Что есть душа приходящего в мир человека и преходящего в нем? Отблеск горнего, осколок былой благодати и полноты падшего праотца, – и это смутное ощущение несешь в себе через дни, исполненные дыма, гнева и крови, стараясь уберечь и не растерять, не разменять на временное и якобы нужное, на вроде бы справедливое, принадлежащее дню сему, коий, как прочие, изыдет в серый песок забытья. В крике и плаче, слизью, а не оксамитом и кармазином покрытый, рождается человек от чрева матери своей – свершается сокровенное и таинственное, чего до конца не понять, – и в крещенской воде нисходит на главу младенца невидимый голубь Духа Господня, и зажигается в тельце его светильник бессмертной души.
Если зрят твои глаза не только плотью единой, но духом, окрест себя – в темных безмолвных полях, в затаившихся селах и хуторах, в крепостицах, в лесах, в шалашах рыбарей, среди дымных костров Запорожья – ты увидишь мерцание как бы зажженных свечей, прикрываемых от жесткого ветра ладонями. Это души живущих людей – тех, кто известен тебе, и тех, чьего имени ты не знаешь. Кто сии? Древние неубитые дедуганы, славящие былые походы и сечи под перезвон печальных струн кобз и бандур. Молчаливые скорбные женщины – матери живых и убитых, стоящие в ожидании на околицах сел. Статные красавицы-молодицы, не спящие в своих жарких постелях в ожидании ненаглядных своих гнездюков из очередного похода на турка и волоха. Разномастная ребятня – девочки в крохотных плахтах, в венках из ромашек и васильков, с разноцветными ленточками за спиной – грядущие матери грядущих людей, подкозачата, твердящие по воскресеньям под церковью затейливые славянские буквицы из «Апостола», забавляющиеся найденными в открытой степи обломками древних сабель, наконечниками истлевших в земле стрел, свинцовыми, сплющенными когда-то о козацкие кости комочками пуль, – в ожидании и преддверии взрослости и – опять же – войны. Ибо не было здесь на сотни лет вглубь и назад ни одного поколения, которое не знало войны. Потому столь родюча, на ощупь жирна и обильна плодами эта земля, что налита кровью до черноты.
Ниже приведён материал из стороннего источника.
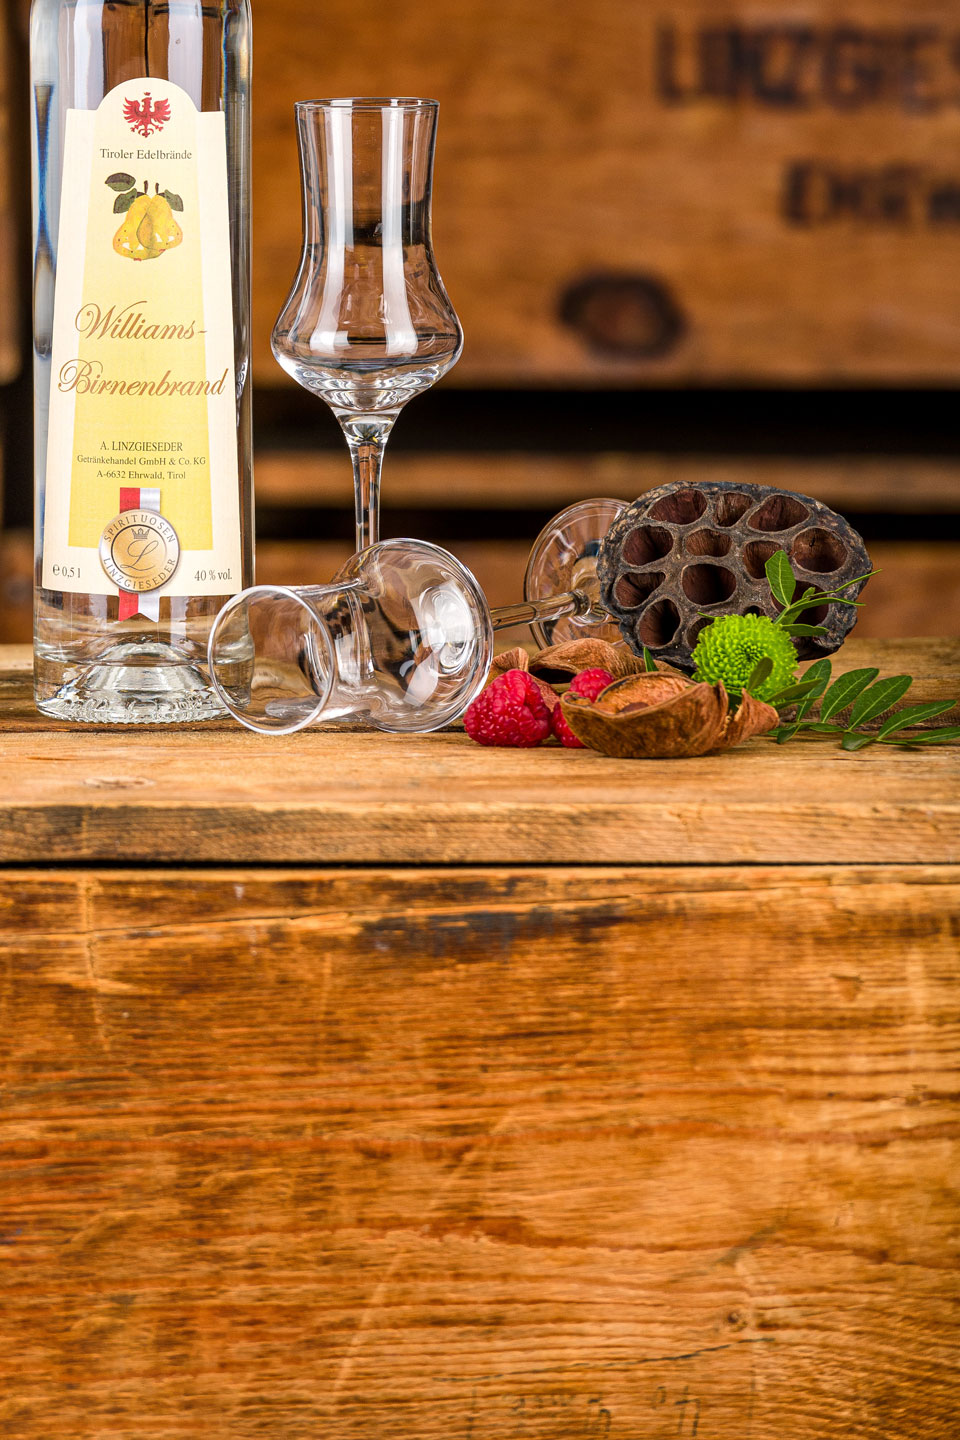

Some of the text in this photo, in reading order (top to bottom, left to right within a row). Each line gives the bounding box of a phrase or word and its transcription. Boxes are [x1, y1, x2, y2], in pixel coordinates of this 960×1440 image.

Россыпи призрачных огоньков, как в небесном Чумацком шляхе, – души тех, из коих сложилось поспольство, народ его родины. Все они – бедные и богатые, сирые, убогие и святые, воины, землеробы, священники, волопасы, шибенники, гультяи, подскарбии и дозорцы на речных переправах – дети одной матери.
Помнож, Боже, на вiки козацькую славу
I покори пiд нозi врагiв наших главу,
Та буде всiгда плiдна козацькая мати,
I дiти ii в силi всiгда процвiтати!
– неложно так сказано среди холода, убожества, одиночества, вдовства, работы от зари до зари, наездов татарских чамбулов, гаморных невольничьих рынков Стамбула и Кафы, среди карканья воронов, вынимающих лакомые глазные яблоки убиенных на бранных полях, среди жестоких панских расправ, хлюпанья невольничьих весел на турецких галерах, среди стона, плача, зубовного скрежета, во тьме внешней, в смятении отчаянных и обреченных восстаний, о которых польские сладкопевцы-поэты писали незгарбной латиной: «Козаков низовых, впрочем, большее встретило лихо: они, яко град густой, убитые падали на землю, или как с дуба, если его потрясти, опадает жолудье. Остро железо сердца гордовитые насквозь пробивает, с уст запорожцев убитых течет кровь багряна ручьями» (Симон Пекалид).